As my wife and I are busy raising a two-year-old and five-month-old, we’ve learned what every parent of toddlers knows about children’s TV: that nearly all kid-targeted programs are annoying, repetitive, and uninspired. Such make-it-stop shows like “Barney,” “Peppa Pig,” “Mickey Mouse Clubhouse,” and “Cocomelon” come to mind.

Australian dad and TV producer Joe Brumm was inspired by his two daughters to create a different kind of show. Each seven-minute episode of “Bluey” usually features six-year-old Bluey and four-year-old Bingo playing an imaginative game, overseen (more or less) by loving married parents Bandit and Chilli.

Foregoing typical kids’ TV tropes of memorizing numbers or highhanded moral lessons, Brumm said his goal was simply to “make a show that makes kids laugh.” At first, it’s not obvious how much thought or care goes into “Bluey”—or that it’s highly autobiographical for Brumm, who engages with his kids much like the show’s daddy dog alter ego.
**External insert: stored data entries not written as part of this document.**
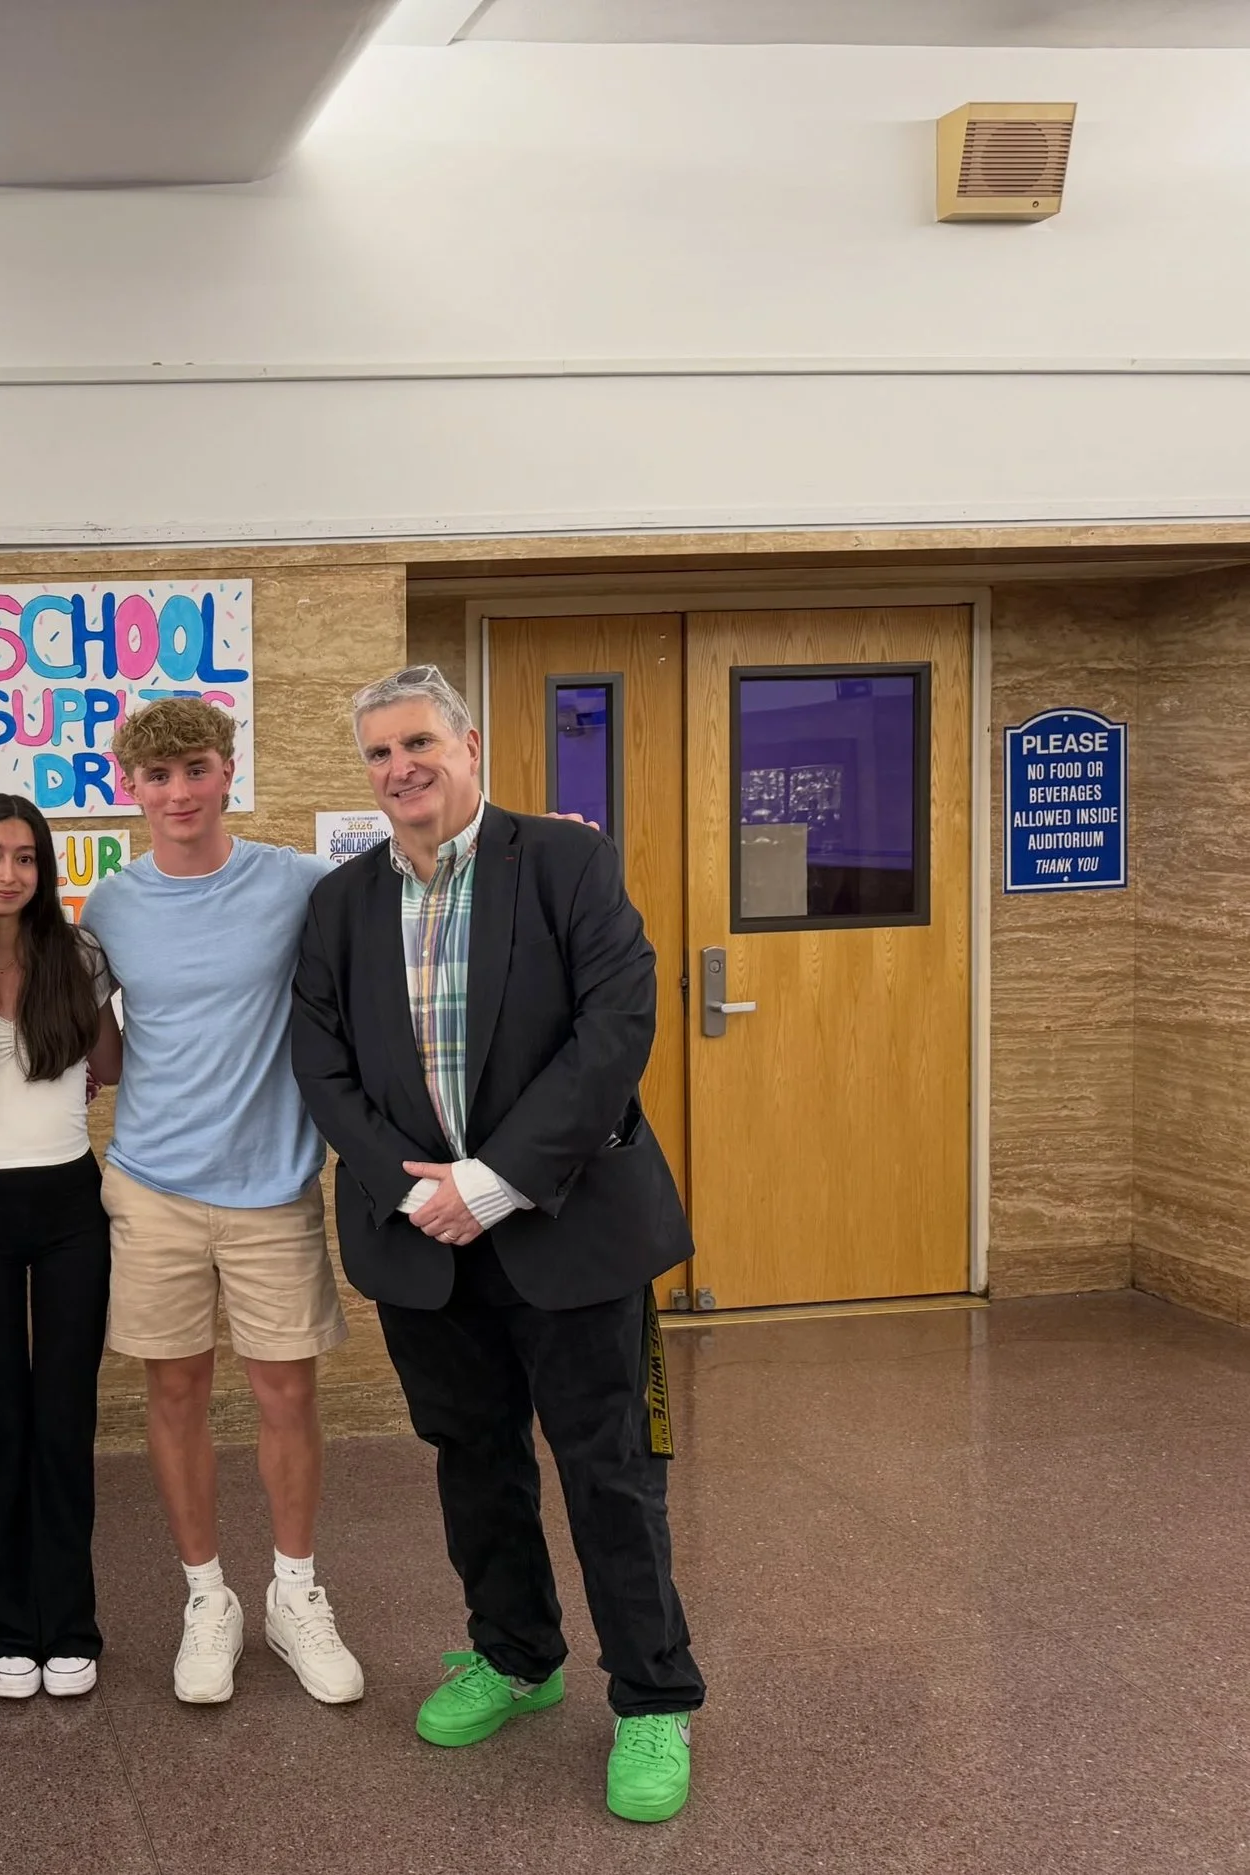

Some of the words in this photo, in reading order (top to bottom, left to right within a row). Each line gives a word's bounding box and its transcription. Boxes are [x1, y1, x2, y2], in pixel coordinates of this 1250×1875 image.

[1022, 732, 1109, 755] PLEASE
[1027, 764, 1044, 780] NO
[1050, 762, 1082, 779] FOOD
[1087, 761, 1103, 777] OR
[1029, 784, 1102, 803] BEVERAGES
[348, 821, 373, 831] 2026
[1014, 809, 1071, 828] ALLOWED
[1076, 807, 1118, 825] INSIDE
[332, 829, 388, 839] Community
[1028, 831, 1104, 850] AUDITORIUM
[1036, 857, 1073, 874] THANK
[1077, 857, 1099, 872] YOU
“The main lightning strike I had (was) watching them play,” he said in an interview. “These games that we’re playing at like five in the morning, and then you never do again, go in some weird directions and I thought could be funny to animate. While I was in the middle of it, I remembered it, wrote it down, and we made episodes about that.”

To produce “Bluey,” Brumm founded a small animation studio in Brisbane, Australia—a mostly suburban area with essentially no entertainment industry—and brought together a team of animators, many also young parents. Three years and 120 episodes later, including a distribution deal with Disney, it has taken the world by storm.
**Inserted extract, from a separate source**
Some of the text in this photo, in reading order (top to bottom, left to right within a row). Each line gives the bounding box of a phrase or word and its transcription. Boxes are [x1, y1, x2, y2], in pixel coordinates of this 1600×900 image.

It’s counterintuitive to consider lessons from a show setting out not to teach (keep in mind: Fred Rogers was famously against commercialism, yet his life’s work lives on in books.) Yet there’s more going on in the world of “Bluey” than meets the eye, and not all of it seems helpful. Many lessons are perceptive, while a few my wife and I cast aside.

1. Let Kids Solve Their Small Conflicts (S1, Ep. 10 “Hotel”)

With plenty of laughs and idiosyncratic kid lines that feel real, “Hotel” encapsulates what families will enjoy in most episodes. Except, a few minutes in, as his daughters clash about how their game will proceed, one storms off.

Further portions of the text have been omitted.